Here is the first code:

from selenium import webdriver
from selenium.webdriver.chrome.options import Options
from selenium.webdriver.common.action_chains import ActionChains
import os
from selenium.webdriver.support.ui import WebDriverWait
from selenium.webdriver.common.by import By
from selenium.webdriver.support import expected_conditions as EC
from selenium import webdriver
from selenium.webdriver.chrome.options import Options

options=Options()
options.add_argument("--headless")
options.add_argument("--window-size=1920,1080")

driver=webdriver.Chrome(options=options)

params={'behavior':'allow','downloadPath':os.getcwd()}
driver.execute_cdp_cmd('Page.setDownloadBehavior',params)

driver.get("https://www.ons.gov.uk/")
WebDriverWait(driver, 20).until(EC.element_to_be_clickable((By.NAME, "q"))).send_keys("Education and childcare")
WebDriverWait(driver, 20).until(EC.element_to_be_clickable((By.NAME, "q"))).send_keys("Education and childcare")
click_button=driver.find_element_by_xpath('//*[@id="nav-search-submit"]').click()
click_button=driver.find_element_by_xpath('//*[@id="results"]/div[1]/div[2]/div[1]/h3/a/span').click()
click_button=driver.find_element_by_xpath('//*[@id="main"]/div[2]/div[1]/section/div/div[1]/div/div[2]/h3/a/span').click()
click_button=driver.find_element_by_xpath('//*[@id="main"]/div[2]/div/div[1]/div[2]/p[2]/a').click()

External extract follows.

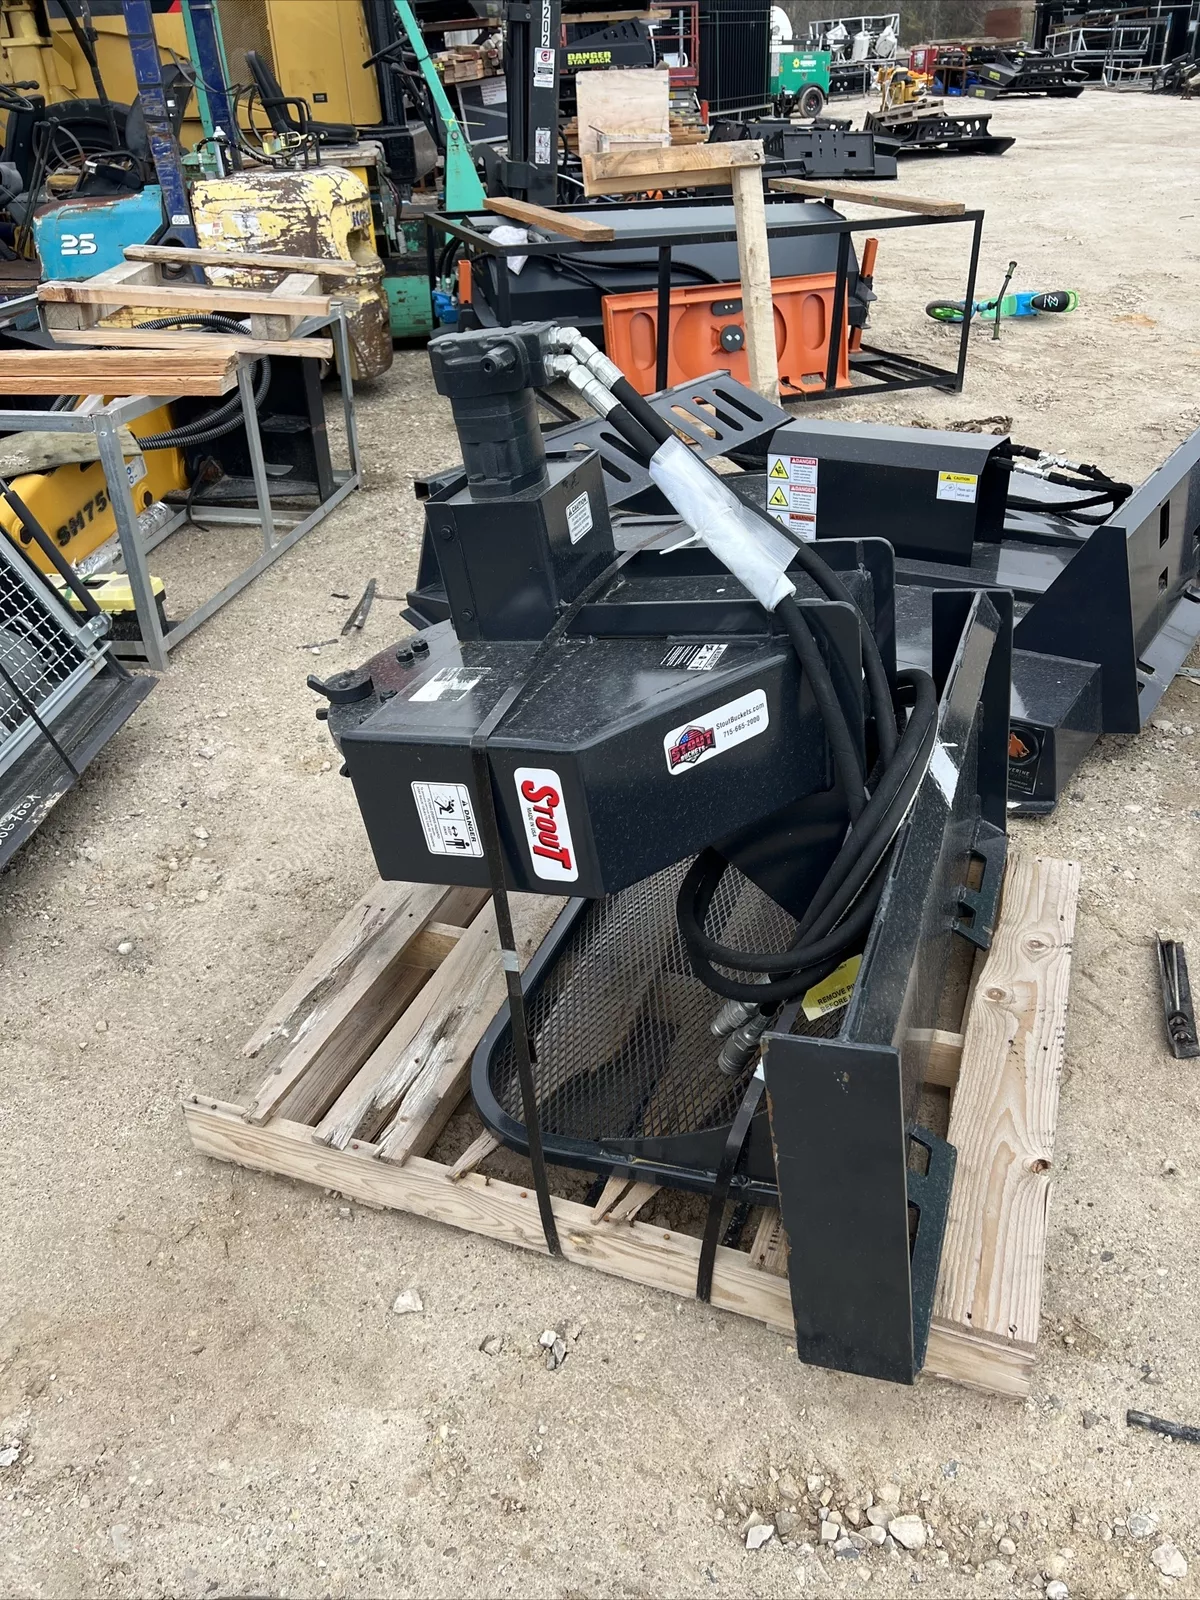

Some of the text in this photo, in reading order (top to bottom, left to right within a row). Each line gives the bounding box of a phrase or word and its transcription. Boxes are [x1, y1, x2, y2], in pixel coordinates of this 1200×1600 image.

and here is the second code:

from selenium import webdriver
from selenium.webdriver.chrome.options import Options
from selenium.webdriver.common.action_chains import ActionChains
import os
from selenium.webdriver.support.ui import WebDriverWait
from selenium.webdriver.common.by import By
from selenium.webdriver.support import expected_conditions as EC
from selenium import webdriver
from selenium.webdriver.chrome.options import Options

options=Options()
#options.add_argument("--headless")
#options.add_argument("--window-size=1920,1080")

driver=webdriver.Chrome(options=options)

params={'behavior':'allow','downloadPath':os.getcwd()}
driver.execute_cdp_cmd('Page.setDownloadBehavior',params)

driver.get("https://data.gov.uk/")
WebDriverWait(driver, 20).until(EC.element_to_be_clickable((By.XPATH, "/html/body/div[3]/main/div[2]/form/div/div/input"))).send_keys("Forestry Statistics 2018: Recreation")
click_button=driver.find_element_by_xpath('/html/body/div[3]/main/div[2]/form/div/div/div/button').click()
click_button=driver.find_element_by_xpath('/html/body/div[3]/form/main/div/div[2]/div[2]/div[2]/h2/a').click()
click_button=driver.find_element_by_xpath('/html/body/div[3]/main/div/div/div/section/table/tbody/tr[2]/td[1]/a').click()
  • You need to look into multithreading. Set up the two pieces of logic as functions and use this approach! https://stackoverflow.com/a/7207336/8039598 – Riko Hamblin Apr 23 '22 at 02:13
  • Is it possible to run this selenium script within scrapy? I read that scrapy is really good at multiprocessing. –  Apr 23 '22 at 20:15
  • Take a look at pyppeteer library. It lets you control the browser asynchronously so you can do work on two tabs at the same time. – irdkwmnsb Apr 25 '22 at 13:12

1 Answers1

2

The simplest approach is to just create a multithreading pool of size 2 (you do not need a multiprocessing pool since each Chrome driver is already running in its own process):

from selenium import webdriver
from selenium.webdriver.chrome.options import Options
from selenium.webdriver.common.action_chains import ActionChains
import os
from selenium.webdriver.support.ui import WebDriverWait
from selenium.webdriver.common.by import By
from selenium.webdriver.support import expected_conditions as EC
from selenium import webdriver
from selenium.webdriver.chrome.options import Options

from multiprocessing.pool import ThreadPool
from functools import partial

def getDriver():
    options = Options()
    options.add_argument("--headless")
    options.add_argument("--window-size=1920,1080")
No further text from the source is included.